Der Begriff "Autobiografie", der dafür ein wenig blauäugig übernommen wurde, hat dabei durchaus eine Berechtigung, denn für Natascha Kampusch ist es entscheidend, ihre eigene Geschichte dieser Ereignisse schreiben zu können - wie viel auch immer Medienberater und Ghostwriter, Therapeuten und Freunde dazu beigetragen haben mögen.

Das Drehbuch zu 3096 Tage entstand ebenfalls in engem Kontakt mit Natascha Kampusch, die Bernd Eichinger für ausführliche Gespräche zur Verfügung stand, bevor das Fragment nach seinem überraschenden Tod 2011 von Ruth Toma fertiggestellt wurde. An einigen Stellen geht der Film über die bisher geläufigen Tatsachen hinaus, vor allem in der Darstellung der sexuellen Beziehung zwischen dem Entführer Wolfgang Priklopil und dem Mädchen, zu dessen unumschränktem Herrscher er sich machte.

Dass diese wenigen, vorsichtig inszenierten Stellen aber auch nichts Wesentliches zur Deutung dieses Langzeitverbrechens beitragen, liegt an der Perspektive, mit der Sherry Horman und Kameramann Michael Ballhaus an die Sache herangingen: Der Film versucht, zugleich diskret und verallgemeinerbar zu sein.

Das führt an manchen Stellen zu genauen Beobachtungen und überzeugenden filmischen Verdichtungen. So gelingt es etwa, die zunehmende körperliche Intimität, die Priklopil sich herausnahm (oder die er sich allmählich traute), durch den jeweils unterschiedlichen Gebrauch eines Plastikbandes zu charakterisieren, das er benützte, um Natascha Kampusch buchstäblich an sich zu fesseln. In der zweiten dieser Szenen bringt Priklopil durch die Fessel das Mädchen für sich gleichsam "in Stellung" - der eigentliche Akt muss dann nicht mehr im Detail und schon gar nicht ausführlich gezeigt werden. Das ist eine klassisch filmische Erzählweise, die aus Kleinigkeiten das Ganze erschließt, und einer voyeuristischen Sichtweise entgegenwirkt.

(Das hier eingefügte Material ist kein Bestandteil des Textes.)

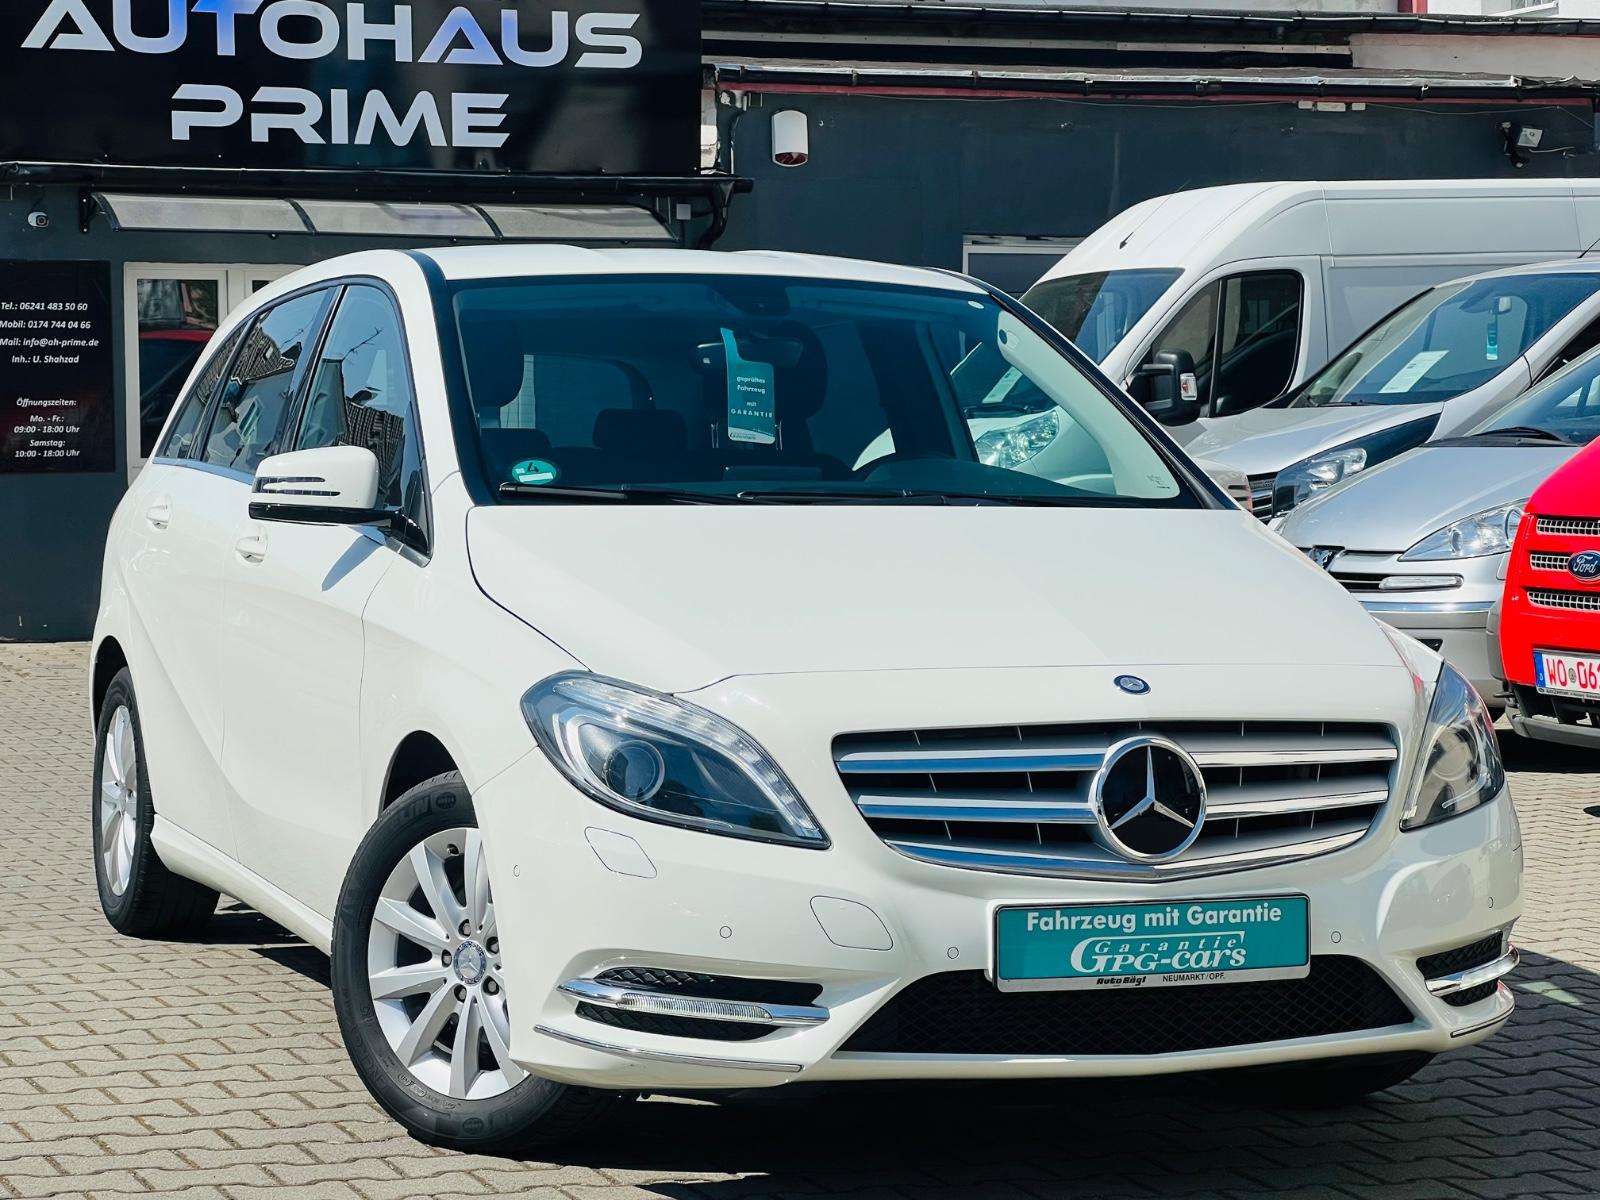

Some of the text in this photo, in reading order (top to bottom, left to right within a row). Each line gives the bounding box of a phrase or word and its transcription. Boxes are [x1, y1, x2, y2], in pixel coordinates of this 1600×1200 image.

[20, 0, 642, 69] AUTOHAUS
[171, 83, 510, 148] PRIME
[1, 301, 88, 312] Tel.: 06241 483 50 60
[0, 320, 91, 330] Mobil: 0174 744 04 66
[0, 338, 100, 348] Mail: info@ah-prime.de
[11, 355, 79, 364] Inh.: U. Shahzad
[16, 397, 77, 408] Öffnungszeiten:
[730, 408, 773, 418] GARANTIE
[29, 415, 46, 423] Mo.
[52, 415, 65, 423] Fr.:
[13, 425, 37, 434] 09:00
[42, 425, 64, 434] 18:00
[65, 425, 80, 433] Uhr
[29, 439, 66, 448] Samstag:
[14, 450, 37, 458] 10:00
[42, 450, 65, 458] 18:00
[66, 449, 80, 457] Uhr
[1572, 554, 1599, 574] Ford
[1545, 658, 1568, 687] WO
[1027, 902, 1282, 933] Fahrzeug mit Garantie
[1094, 935, 1237, 954] Garantie
[1070, 932, 1246, 973] GPG-cars
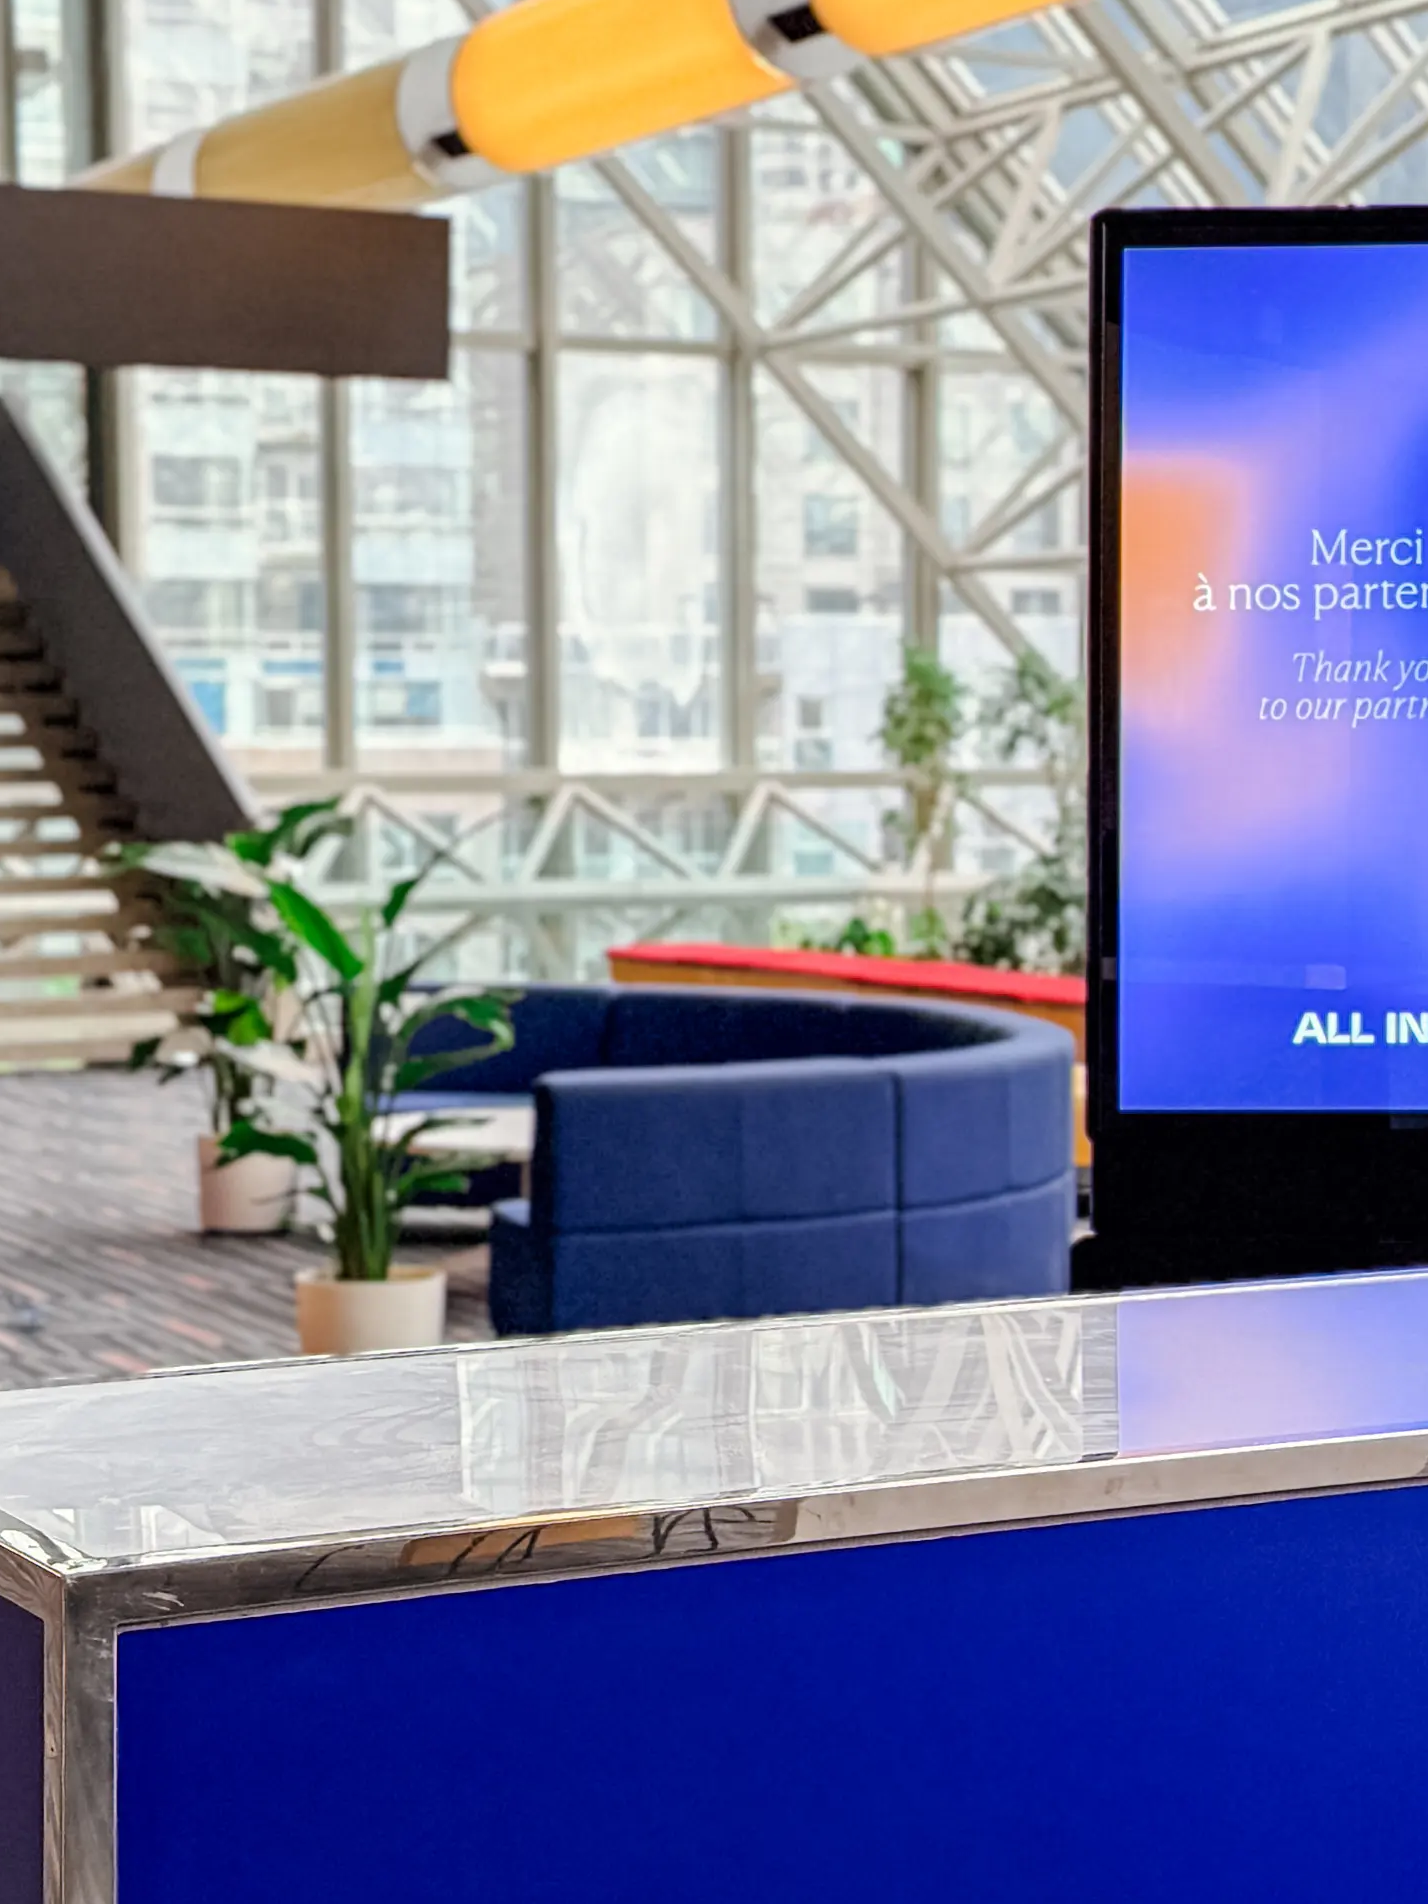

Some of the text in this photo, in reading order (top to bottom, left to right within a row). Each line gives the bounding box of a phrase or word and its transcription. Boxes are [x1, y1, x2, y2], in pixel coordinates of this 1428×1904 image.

[1310, 527, 1424, 567] Merci
[1192, 572, 1217, 612] à
[1227, 578, 1300, 612] nos
[1292, 649, 1389, 684] Thank
[1258, 695, 1288, 721] to
[1295, 697, 1345, 721] our
[1292, 1011, 1375, 1045] ALL

Zugleich wirkt das allerdings auf die Figurenzeichnung zurück. Vor allem der Täter (Thure Lindhardt spielt Wolfgang Priklopil) bleibt in 3096 Tage eine recht abstrakte Attrappe, ein unschuldig aussehender Unhold, über den man über die Tatsache einer offensichtlich starken, zwiespältigen Mutterbeziehung hinaus wenig mitbekommt.

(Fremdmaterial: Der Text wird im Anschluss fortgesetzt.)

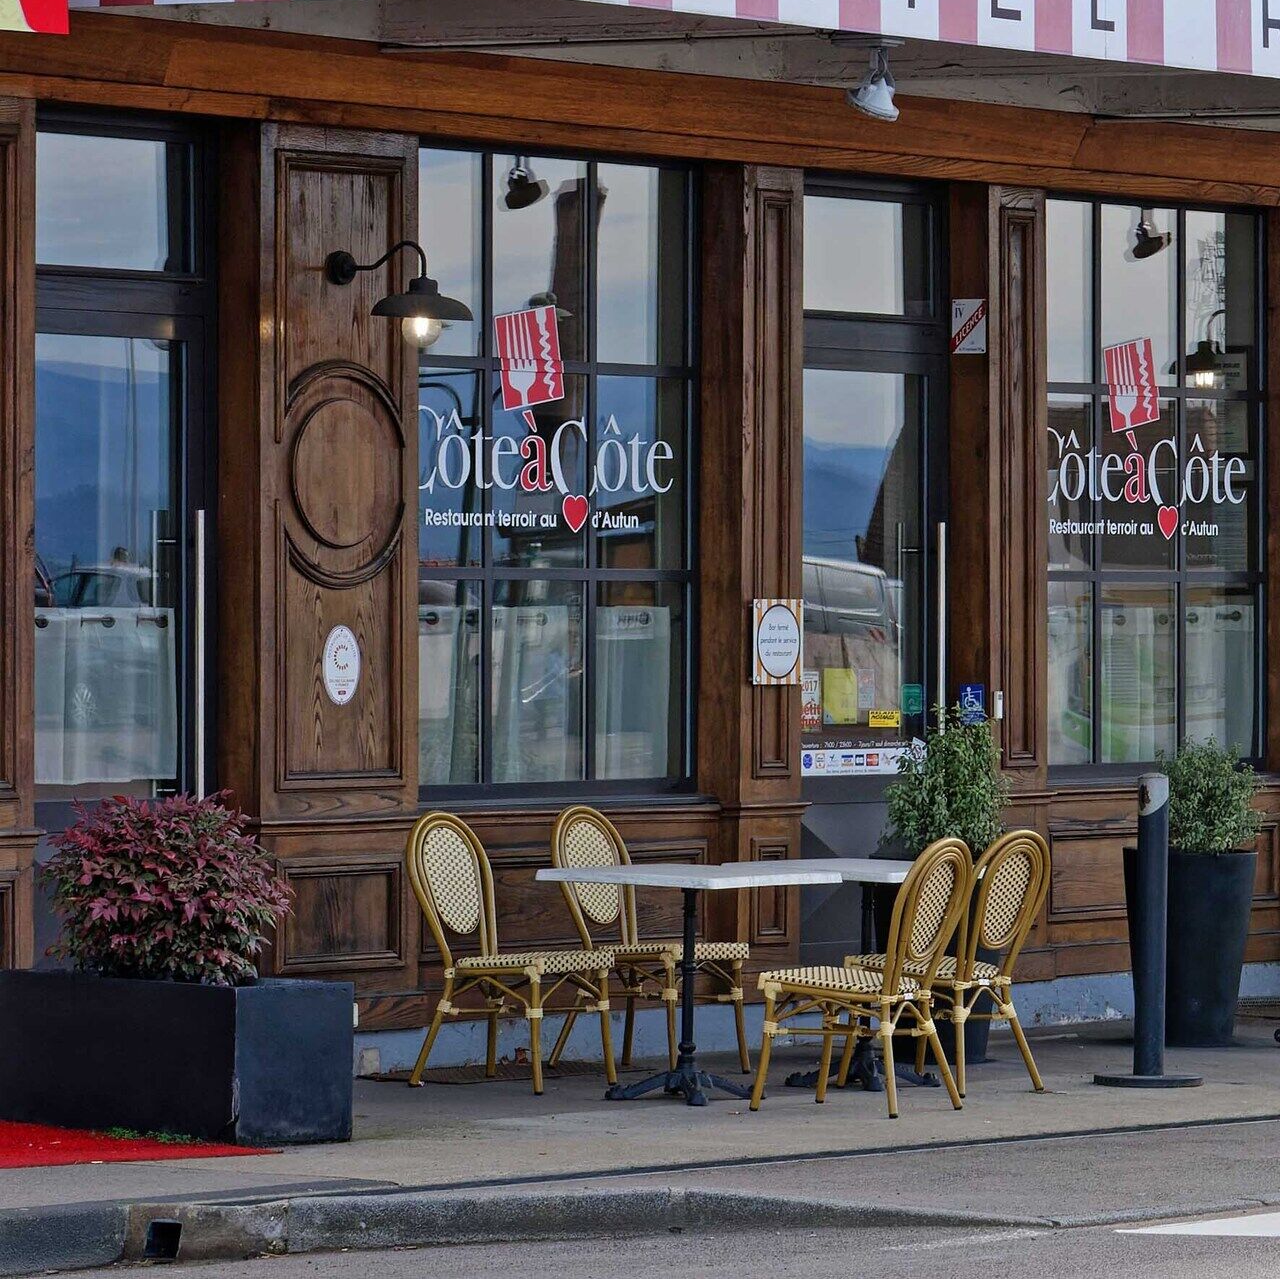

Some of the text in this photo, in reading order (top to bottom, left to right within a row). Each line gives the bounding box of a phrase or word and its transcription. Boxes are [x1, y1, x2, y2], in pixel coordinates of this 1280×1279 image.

[955, 305, 984, 346] LICENCE
[425, 507, 639, 529] Restaurant terroir au d'Autun
[1107, 519, 1138, 535] terroir
[1140, 523, 1154, 535] au
[802, 680, 818, 692] 2017

Der ganze Komplex des Nahrungsentzugs enthält vermutlich Schlüsselmomente, aus denen Hinweise zu gewinnen wären, was Priklopil wirklich bewegte. Offensichtlich zeigt sich in seinem Aushungern des Opfers etwas von seinen komplizierten sexuellen Bedürfnissen.

Prekäre Stilisierung

Doch gerade in den Bildern der ausgemergelten, geschorenen, in Männerunterhosen gekleideten Natascha (gespielt von Antonia Campbell-Hughes) entscheiden Horman und Ballhaus sich eher für prekäre Stilisierungen, als dass sie versuchen würden, diese ungeheuer komplexe Beziehung zwischen Priklopil und Kampusch besser zu verstehen. Dazu kommen erzählerische Rücksichtnahmen, die darauf hinauslaufen, dass Priklopil sich Kampusch sexuell erst näherte, nachdem sie geschlechtsreif geworden war; die erste Menstruation wird in einer Szene gezeigt, bezeichnenderweise reagiert er darauf zuerst einmal so, als hätte das Mädchen für ihn nun seine Unschuld verloren.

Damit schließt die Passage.